**STUDY MATERIAL:**
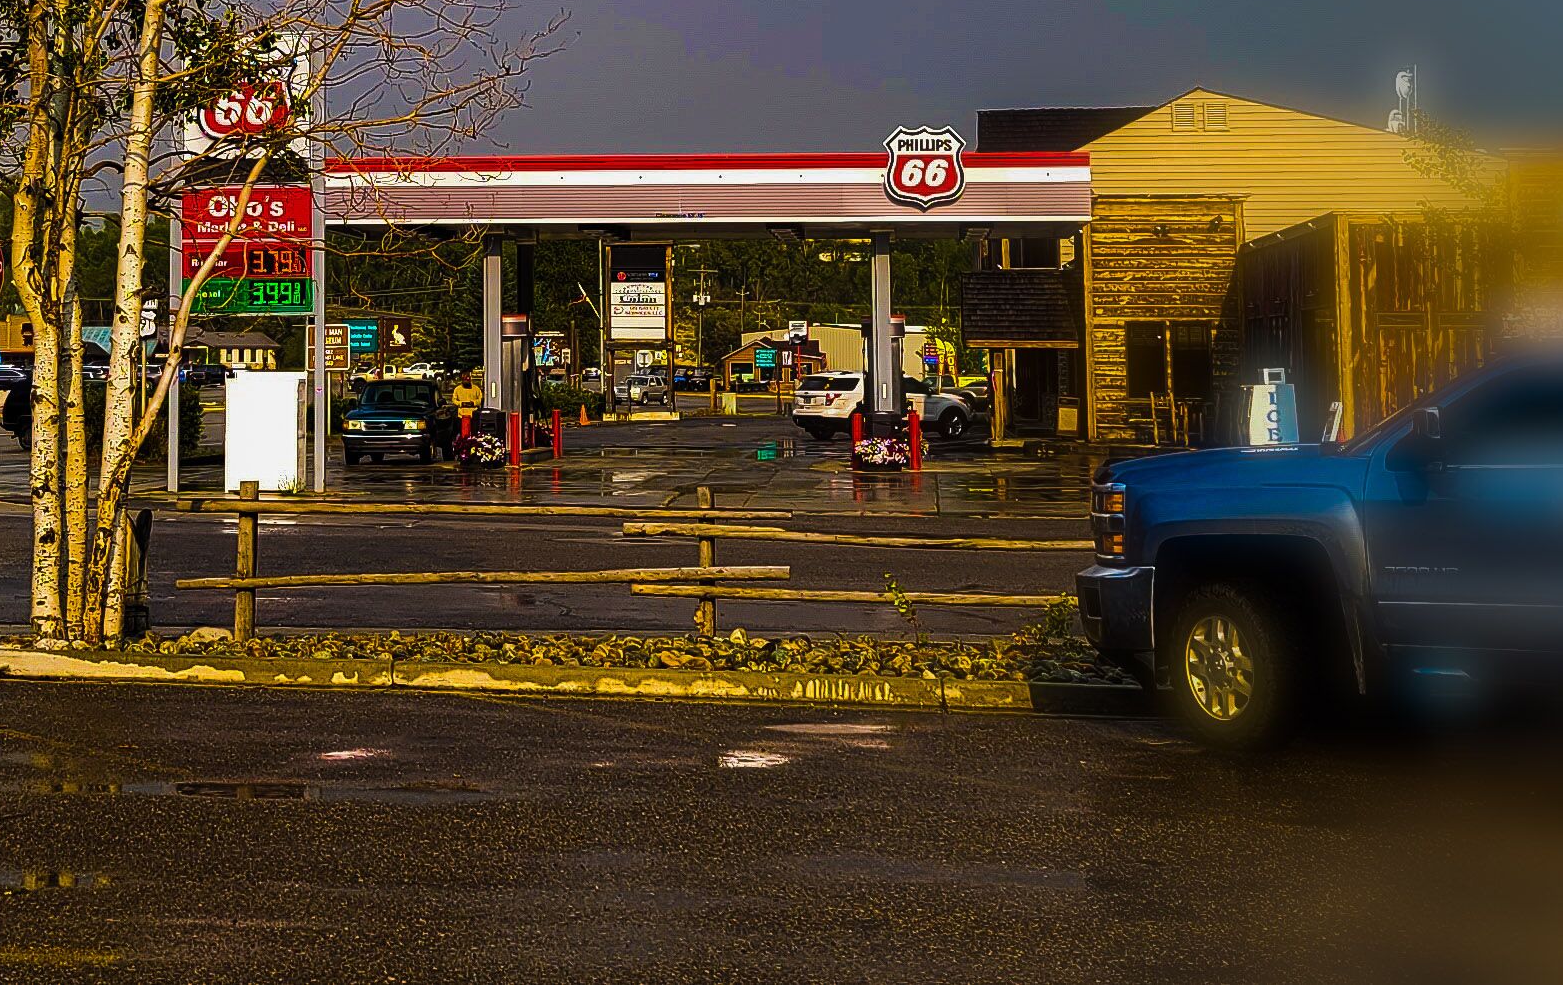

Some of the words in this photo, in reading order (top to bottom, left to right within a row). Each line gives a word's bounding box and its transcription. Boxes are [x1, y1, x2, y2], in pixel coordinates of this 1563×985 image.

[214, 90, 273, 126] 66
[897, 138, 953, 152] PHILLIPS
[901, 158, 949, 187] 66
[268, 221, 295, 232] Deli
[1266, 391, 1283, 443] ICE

**PROBLEM REQUIREMENTS:**
The expected output is the material above, repeated exactly and free of pictures.

**SOLVED PROBLEM:**
Some of the words in this photo, in reading order (top to bottom, left to right within a row). Each line gives a word's bounding box and its transcription. Boxes are [x1, y1, x2, y2], in pixel coordinates of this 1563×985 image.

[214, 90, 273, 126] 66
[897, 138, 953, 152] PHILLIPS
[901, 158, 949, 187] 66
[268, 221, 295, 232] Deli
[1266, 391, 1283, 443] ICE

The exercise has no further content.